Abu Amr: It depends. It's not up to me. I need to be asked. My answer depends very much on my conviction whether this government will be able to take off or not. But there is a great sense of hopefulness that we are about to have a breakthrough to form a government that will be able to end the siege.

After months of deadlock, why are you more optimistic now?

Because I am involved in the negotiations and see the keenness on parts of the various sides to make this effort of forming a new government successful. And of course we know the parameters and basis for the new government. We are talking about a new prime minister who will be acceptable to Palestinians and the rest of the world, and we are talking about the political program that is also acceptable to the rest of the world. We are looking into a government with people who are highly qualified, who can do the job. The ingredients for a breakthrough are there and the likelihood of ending the siege is very high.

The three people mentioned for the new cabinet, yourself included, studied in the United States. How will this affect the Palestinian view of America?

I don't think this is a political consideration. The more important consideration [is that] you have good formal education, the right education. It doesn't matter if it's the United States, the Arab world or anywhere else [in the] the world. We are talking about people with qualifications, particularly with skills and a track record. We are talking about people who are known for their integrity and leadership abilities. We are talking about people who can do the job. We are stuck in a situation where we need a certain type of person--not only for political consideration, not because that's what the rest of the world wants--but because the objective conditions warrant that type of government. [We need] people who can reconstruct, work hard, plan, move around, travel, talk to the rest of the world.

The economic sanctions have hurt Gaza and the West Bank badly. Do you think the Palestinians regret supporting Hamas?

I don't know. Of course there's been a lot of disappointment [in Hamas, but] it also enjoys strong hard-core support.

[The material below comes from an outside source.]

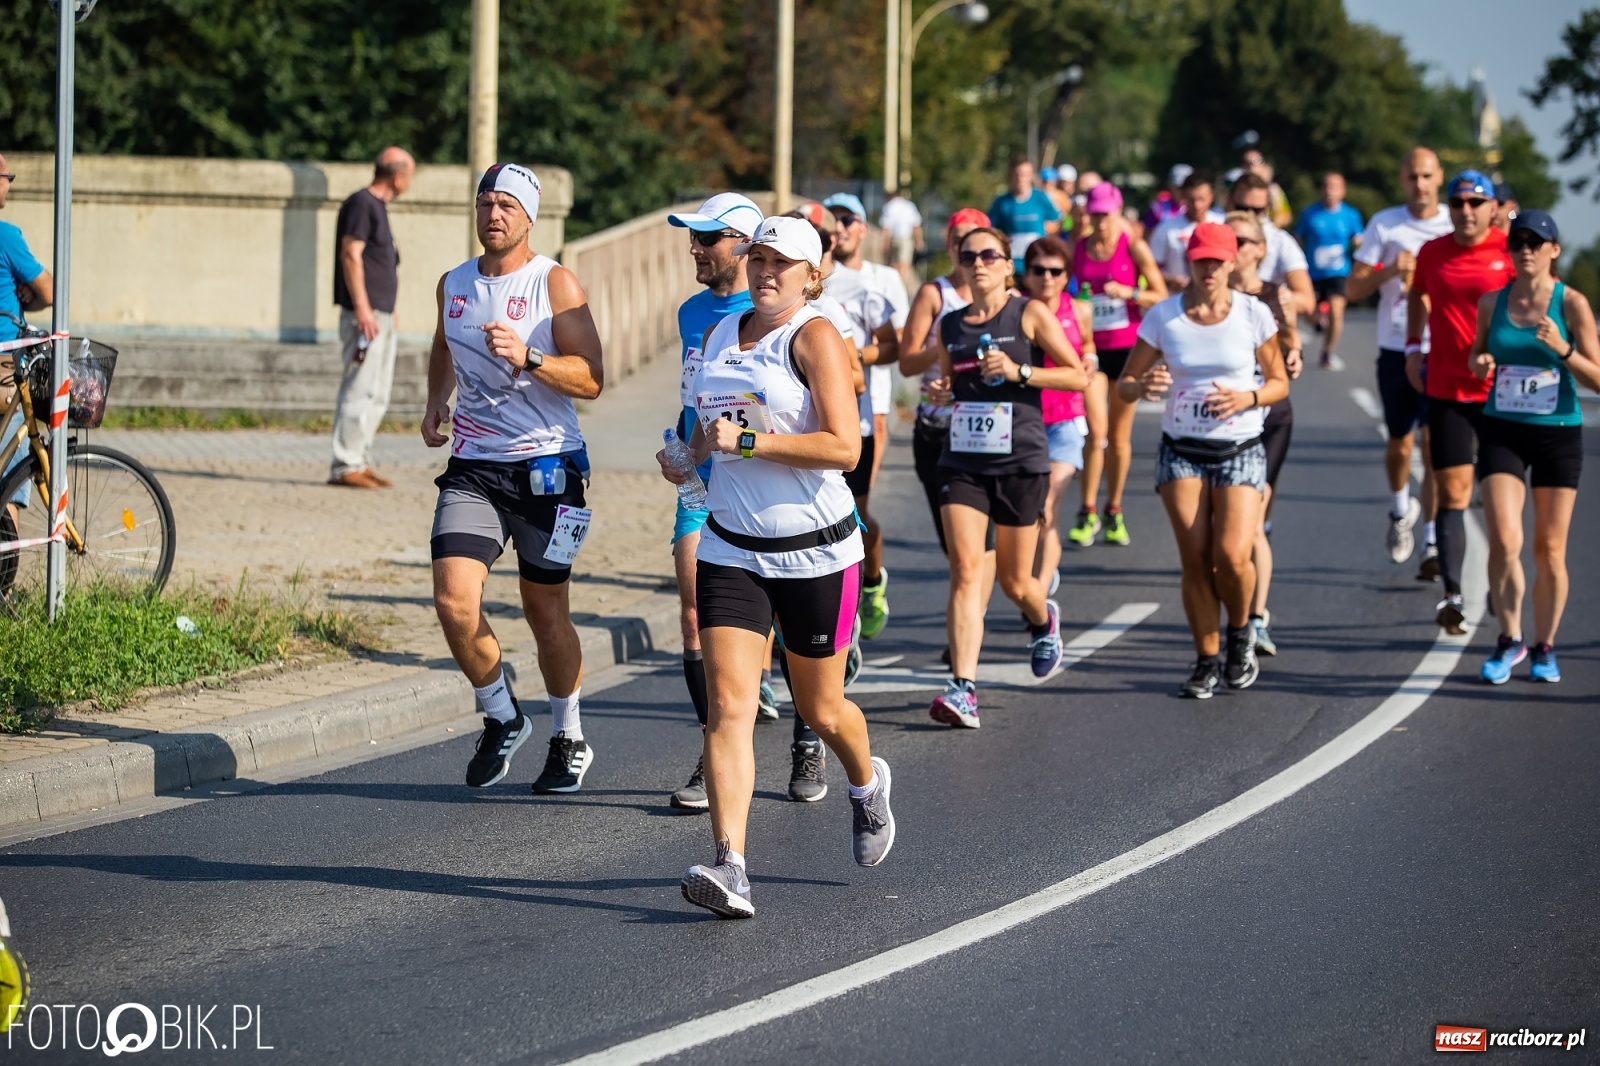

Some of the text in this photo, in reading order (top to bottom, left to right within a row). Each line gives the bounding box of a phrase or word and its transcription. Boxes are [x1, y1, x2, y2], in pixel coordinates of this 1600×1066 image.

I think we need to wait [to] answer this question. I think if you look at some indicators, there is disappointment, frustration and loss of faith in anybody--Hamas and Fatah. But it's very hard at this point to measure popularity. I would say everybody's popularity has been declining under these most adversarial conditions. The siege, poverty, people not receiving their salaries for months--these elements wouldn't make any government popular. But Hamas is one of those movements that is capable of restoring its popularity.

Even if there's a new cabinet, the Hamas stance is still at odds with the international community's demands. They reject Israel's right to exist, for instance.

The government is not an individual enterprise. You have [a number of] cabinet members who are non-Hamas. It doesn't matter if there is a majority, even if you have a small number of non-Hamas cabinet members it's going to make a difference. [But] this is going to be a different government. This is not a Hamas government. This is a national unity government. You are going to see things you haven't seen in the last six or seven months, there are going to be real discussions, real debates in the cabinet, votes--it is different.

But there are also calls from Hamas for revenge, to start suicide bombings again, and to target Americans.

I don't take this seriously. I don't think this represents the mainstream in Hamas.

But people are still shooting, bombs are still going off.

I wouldn't even call it low-intensity warfare. It's something symbolic, people trying to remind you "Listen: we are here. We cannot be dismissed as irrelevant." The question is, how do you put an end to all of these manifestations of vio-lence? This requires a national-unity government.